To the glory of God 
and in commemoration of 
the first Christian Service held in Australia 
February 3rd 1788
Rev. Richard Johnson BA 
the Chaplain 
being the preacher.

The text of the sermon : 
What shall I render unto the Lord for all his benefits towards me?
Psalm CXVI 12.

The Service - most probably what was known in The Book of Common Prayer as Mattins or Morning Prayer - took place a week after the landing of the First Fleet at Sydney Cove (1) and beneath the shade of a great tree.  The monument is located on the site of the first church (see below), but not marking the exact spot where the Chaplain conducted the first Divine Service in the new colony.  (2) The full text of Mr Johnson's sermon has not been preserved, but it is most fortunate that the scriptural text he chose as the basis for his sermon has.  It was Psalm 116.  It is most indicative of his own piety and sense of the occasion :
What shall I return unto the Lord for all his bounty unto me?  I will raise the cup of Salvation, and call upon the name of the Lord ... I will pay my vows to the Lord in the presence of all his people, in the courts of the house of the Lord, in your midst, O Jerusalem.
It is perhaps noteworthy and even indicative that a whole week elapsed before the first Christian Service was celebrated in that area which Captain Arthur Philip had claimed for the British Crown. (3)


An artist's impression of the First Fleet in Sydney Cove, January 1788.

Image : First Fleet Fellowship of Victoria

Let us trace how Richard Johnson came to be appointed as Chaplain to the First Fleet and new Colony.  Most readers will be familiar with the protestant hymn Amazing Grace, written in 1772 by an English parson, the Reverend John Newton.  Mr Newton was a leading figure in the Evangelical revival within the Church of England in the eighteenth century.  His story is, in its own right, most interesting (but beyond our scope here).  In 1786, Newton wrote :
A minister who should go to Botany Bay without a call from the Lord and without receiving from Him an apostolical spirit, the spirit of a missionary, enabling him to forsake all, to give up all, to put himself into the Lord’s hands, to sink or swim, had better run his head against a stone wall.
Mr Newton persuaded the government of the day to send such a Chaplain with the First Fleet and recommended the Reverend Richard Johnson as that man.  At that time, Mr Johnson was in his early thirties and serving as a curate in a London Parish.  A native of Yorkshire, he had been educated at Cambridge.  In the same month that Captain Arthur Philip was appointed to the charge of the First Fleet (October 1786), Mr Johnson was appointed by the British Government to be its Chaplain. (4) He sought a wife to accompany him to New South Wales and they married quickly. 
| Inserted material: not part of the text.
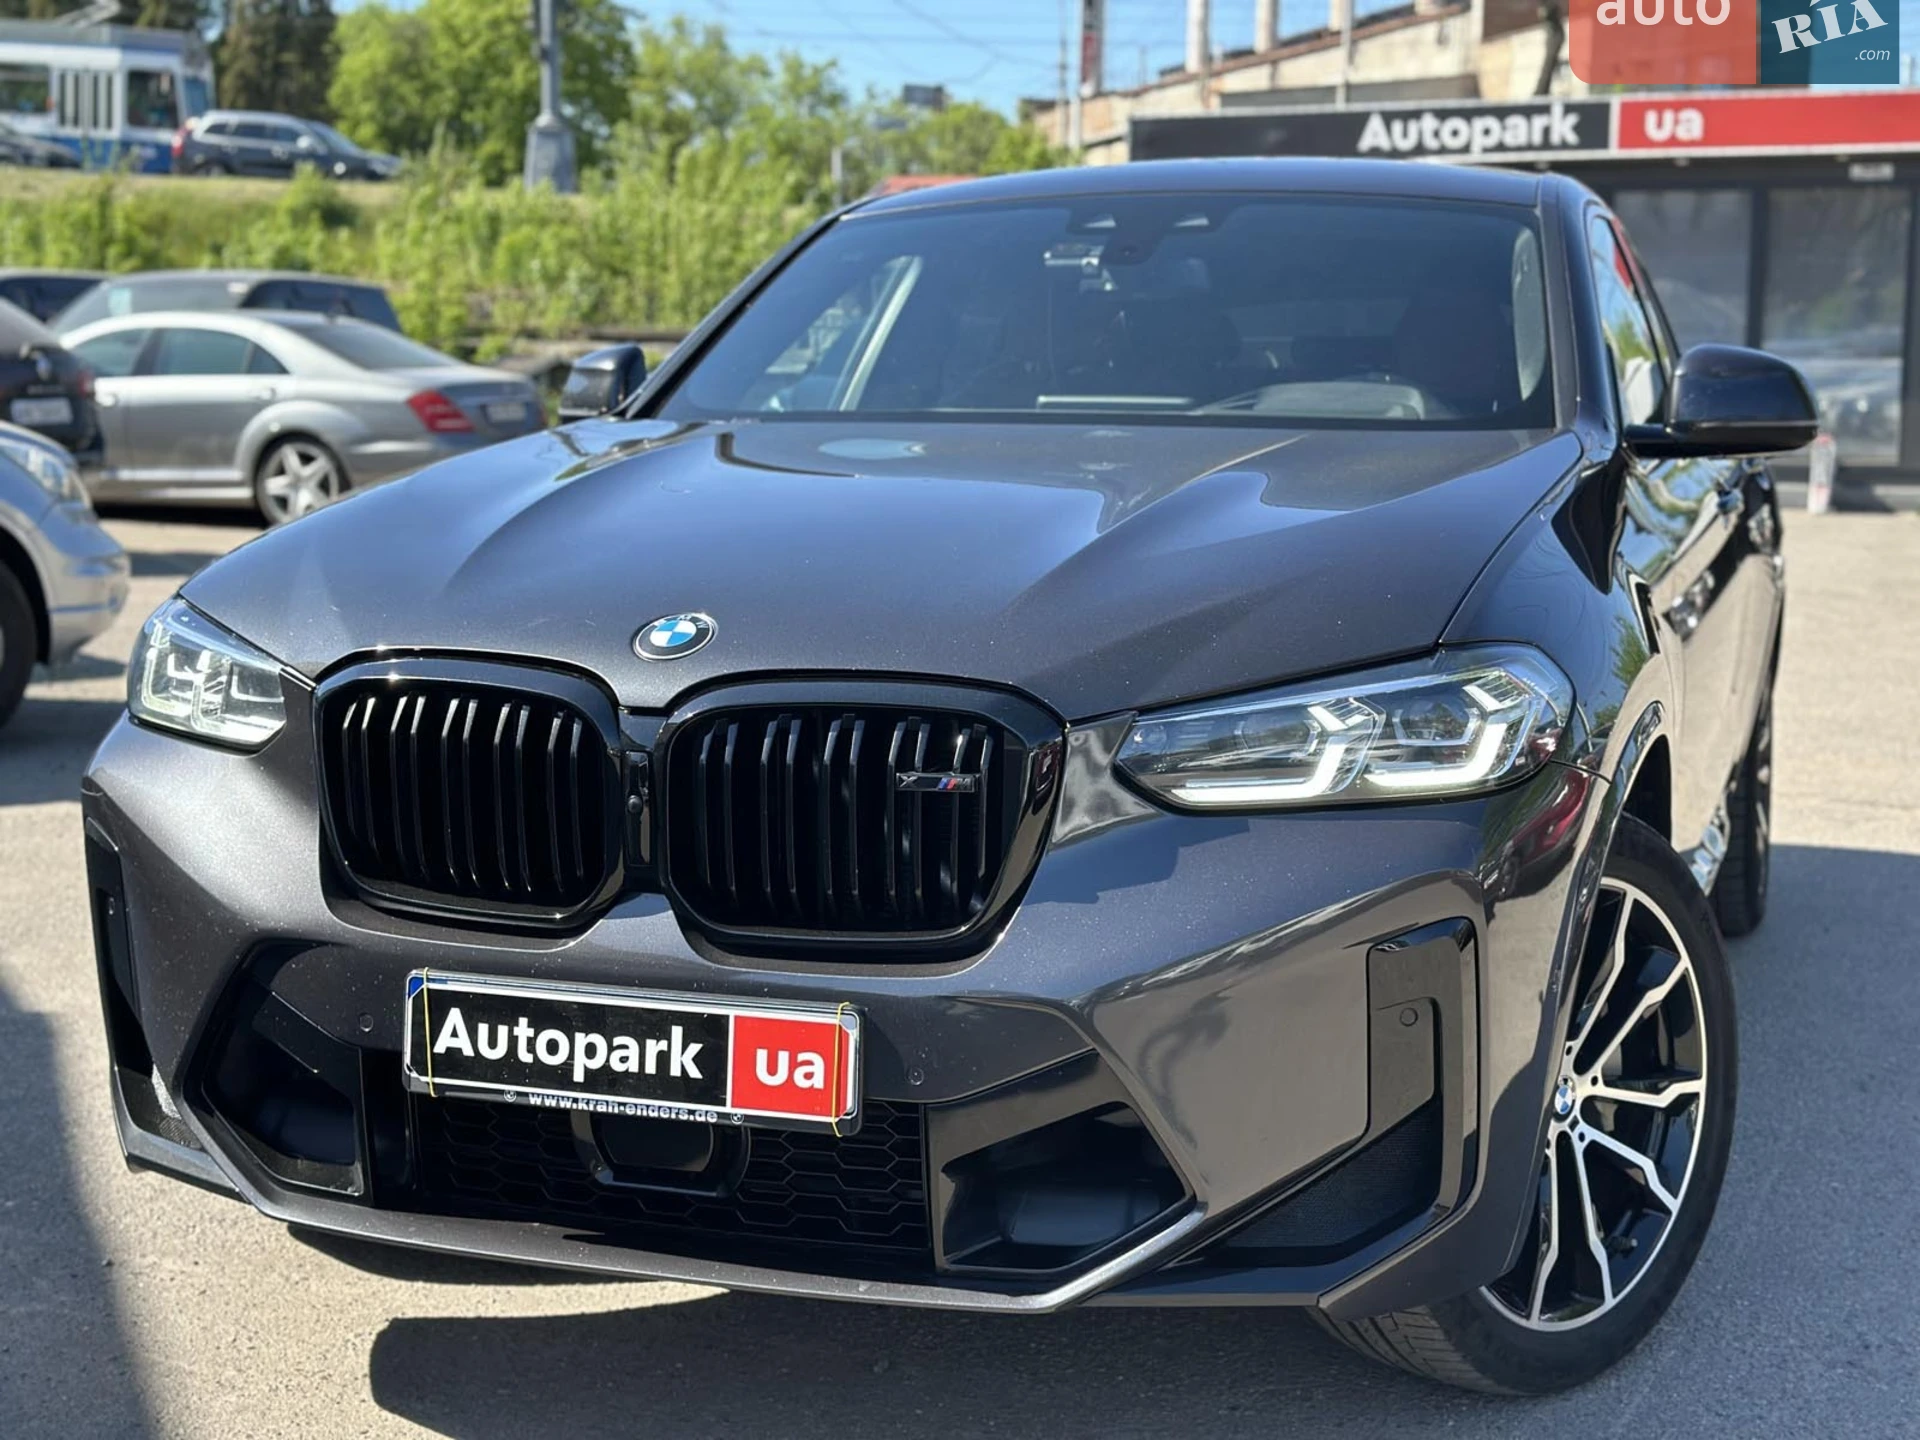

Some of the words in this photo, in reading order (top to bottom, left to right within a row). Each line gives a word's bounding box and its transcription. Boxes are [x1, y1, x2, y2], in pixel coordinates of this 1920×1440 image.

The First Fleet of eleven ships and approximately 1400 persons - convicts, sailors, marines, officials with wives and servants - left Portsmouth Harbour under the command of Captain Philip in May 1787.  Mr and Mrs Johnson were on board the vessel The Golden Grove.  On The Golden Grove he was able to conduct a service each Sunday, and to read prayers every evening. When the Fleet reached Rio de Janeiro, he visited the other ships to minister to those on board, marines and convicts alike.  It seems obvious that Richard Johnson did not see himself as part of the Authority of the new Colony of NSW, but rather as a preacher of the Gospel, with a zeal for the salvation of souls. (5) A man who wished for comfort or prestige would never have accepted such an appointment.  But a man who fervently lived the Gospels might; and such a man was Richard Johnson.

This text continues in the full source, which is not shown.